Whether you happen to be lactose intolerant, follow a vegan diet, or just want to cut your dairy intake, there are a variety of non-dairy milk substitutions to choose from at the store. Oat milk and almond milk are two of the most common non-dairy milk alternatives available. You can find them at virtually all grocery stores in the dairy aisle, and typically in the baking aisle as well, as plant milks are safe to store at room temperature before they're opened. Most coffee shops also carry a variety of alternative milks, so don't fret if you're out and hankering for a latte. 

Of course, your personal taste may be the deciding factor when choosing which brand to buy, but there are some key nutritional differences to note between these two types of non-dairy milks. According to One Green Planet, non-dairy milk could be more nutritious than cow's milk. If you like the taste of both almond and oat milk, you should determine which is best for your particular application and/or dietary needs.

Oat and almond milk nutrition

Exact nutritional values vary by brand, but a 1-cup serving of oat milk is around 120 calories, according to Healthline. Each serving has 3 grams of protein, half the daily recommended value of vitamin B12, and 45% of the daily recommended value of riboflavin. Since oat milk is an excellent source of B vitamins, it is beneficial for your hair, skin, and nails. Oat milk also contains beta-glucan, a soluble fiber linked to improved heart health.

WebMD reports that an 8-ounce serving of almond milk is typically only around 40 calories. It is low in trans fats and cholesterol and contains 1 gram of protein. It is also low in carbohydrates: A serving of almond milk contains only 2 grams or 1% of the recommended daily value. It is a great source of magnesium, which is essential for controlling blood sugar levels and metabolism. The high calcium content in almond milk helps build bone strength and helps the body fight off the risk of osteoporosis, a disease that causes bones to weaken over time.

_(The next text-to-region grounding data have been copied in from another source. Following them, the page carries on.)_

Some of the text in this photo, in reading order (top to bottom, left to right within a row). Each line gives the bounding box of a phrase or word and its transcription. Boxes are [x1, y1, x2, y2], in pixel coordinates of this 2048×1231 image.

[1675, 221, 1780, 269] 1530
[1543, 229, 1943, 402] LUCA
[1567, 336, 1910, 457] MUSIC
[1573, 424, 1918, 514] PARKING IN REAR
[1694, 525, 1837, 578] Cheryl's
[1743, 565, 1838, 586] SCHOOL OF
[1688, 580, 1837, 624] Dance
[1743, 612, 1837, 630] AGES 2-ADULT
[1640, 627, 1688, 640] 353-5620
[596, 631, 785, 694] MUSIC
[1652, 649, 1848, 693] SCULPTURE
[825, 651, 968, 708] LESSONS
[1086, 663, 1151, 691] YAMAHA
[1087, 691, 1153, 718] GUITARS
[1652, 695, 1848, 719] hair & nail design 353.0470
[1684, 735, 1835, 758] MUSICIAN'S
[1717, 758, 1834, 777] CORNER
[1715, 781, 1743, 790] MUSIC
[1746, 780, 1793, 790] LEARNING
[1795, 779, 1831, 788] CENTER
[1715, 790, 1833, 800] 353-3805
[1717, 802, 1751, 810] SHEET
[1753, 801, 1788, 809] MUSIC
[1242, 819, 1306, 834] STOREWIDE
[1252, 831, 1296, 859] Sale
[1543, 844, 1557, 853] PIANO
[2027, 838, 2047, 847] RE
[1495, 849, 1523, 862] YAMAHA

The key dietary differences

If you are looking to these milk alternatives for health or dietary reasons, here are some of the main takeaways to consider according to Healthline. One cup of unsweetened oat milk contains more calories, but also more protein than the same amount of almond milk. However, if you are following a low sodium diet, almond milk may be the better choice: Oat milk contains 5% of the daily recommended intake of sodium, while almond milk has less than 1%. Almond milk also contains far more calcium, at around 15% of the daily recommended value compared to oat milk's 1%. 

When it comes to fiber and fat, both milks are comparable. Almond milk has 1 gram of fiber and 2 grams of fat, while oat milk contains 2 grams of fiber and 1.5 grams of fat per serving. Plus, if you choose an unsweetened variety, there is typically no added sugar (via Prevention). Oat milk is also generally the safest option for people who have nut allergies and cannot drink any nut-based milks (provided it is made in a factory that guards against cross-contamination).

When should you use them?

Oat milk is perfect for cereal, coffee, or anything you would typically add milk to. It has a creamy consistency and is better suited to coffee because it can froth up like traditional milk; almond milk can be a tad watery (via Healthline). Oat milk also works great for baked goods, because it's naturally sweet, and it can add an extra layer of moisture to your cakes, cupcakes, and brownies.

Almond milk, on the other hand, is better when paired with fruity foods such as in smoothies, as the wateriness doesn't ruin the drink. The nutty flavor in almond milk can also enhance your bowl of cereal by bringing out the whole grain taste in your favorite breakfast foods. It also works well in savory foods, like soups, pot pies, or bread, thanks to its nuttiness. Healthline states that since unsweetened almond milk is lower in carbohydrates, it could be more beneficial for those following low-carb diets — though it is not completely carb-free.